DNA cytosine methylation is a reversible epigenetic mark regulating gene expression. Aberrant methylation profiles are concomitant with developmental defects and cancer. Numerous studies in the past decade have identified enzymes and pathways responsible for active DNA demethylation both on a genome-wide as well as gene-specific scale.
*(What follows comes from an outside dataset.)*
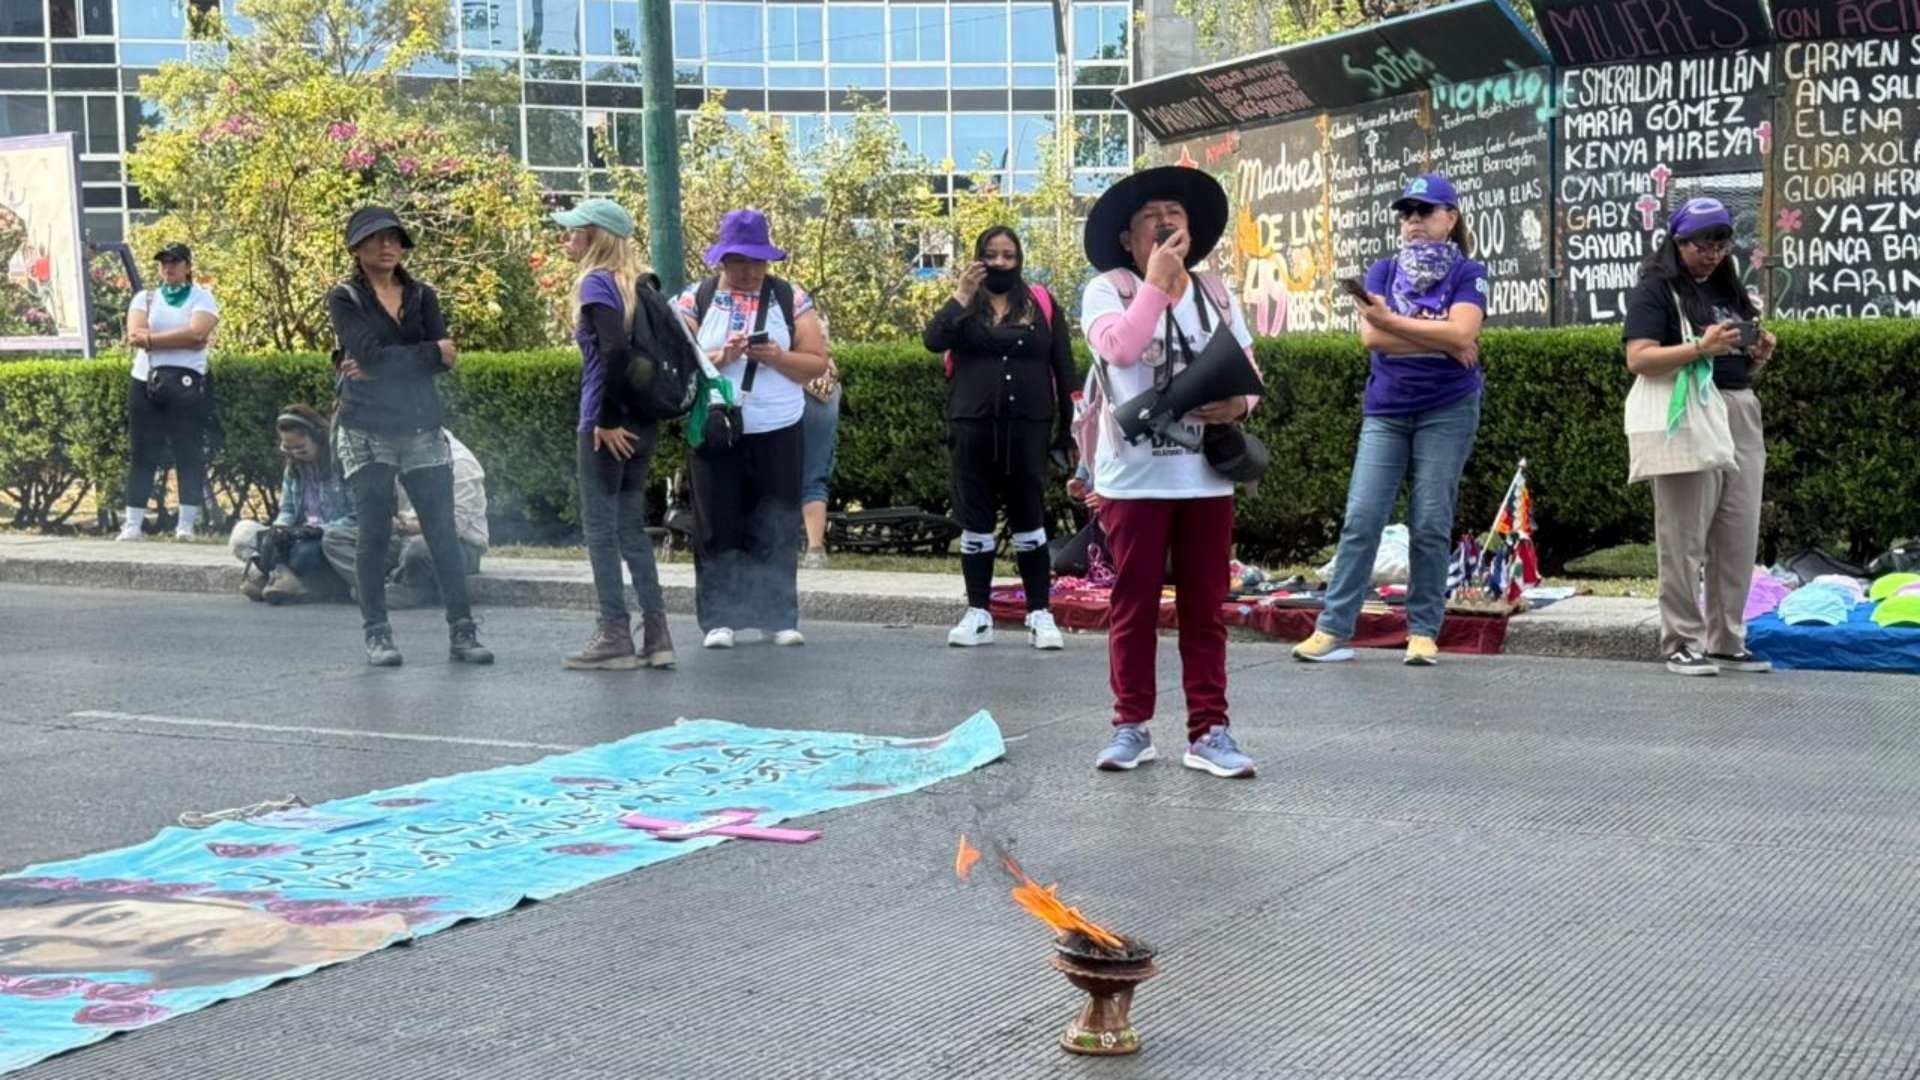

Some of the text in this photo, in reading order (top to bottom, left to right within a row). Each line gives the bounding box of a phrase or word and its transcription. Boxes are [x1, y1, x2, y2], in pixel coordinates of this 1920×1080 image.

Recent findings have strengthened the idea that 5-methylcytosine oxidation catalyzed by members of the ten-eleven translocation (Tet1-3) oxygenases in conjunction with replication-coupled dilution of the conversion products causes the majority of genome-wide erasure of methylation marks during early development. In contrast, short and long patch DNA excision repair seems to be implicated mainly in gene-specific demethylation. Growth arrest and DNA damage-inducible protein 45 a (Gadd45a) regulates gene-specific demethylation within regulatory sequences of limited lengths raising the question of how such site specificity is achieved. A new study identified the protein inhibitor of growth 1 (Ing1) as a reader of the active chromatin mark histone H3 lysine 4 trimethylation (H3K4me3). Ing1 binds and directs Gadd45a to target sites, thus linking the histone code with DNA demethylation.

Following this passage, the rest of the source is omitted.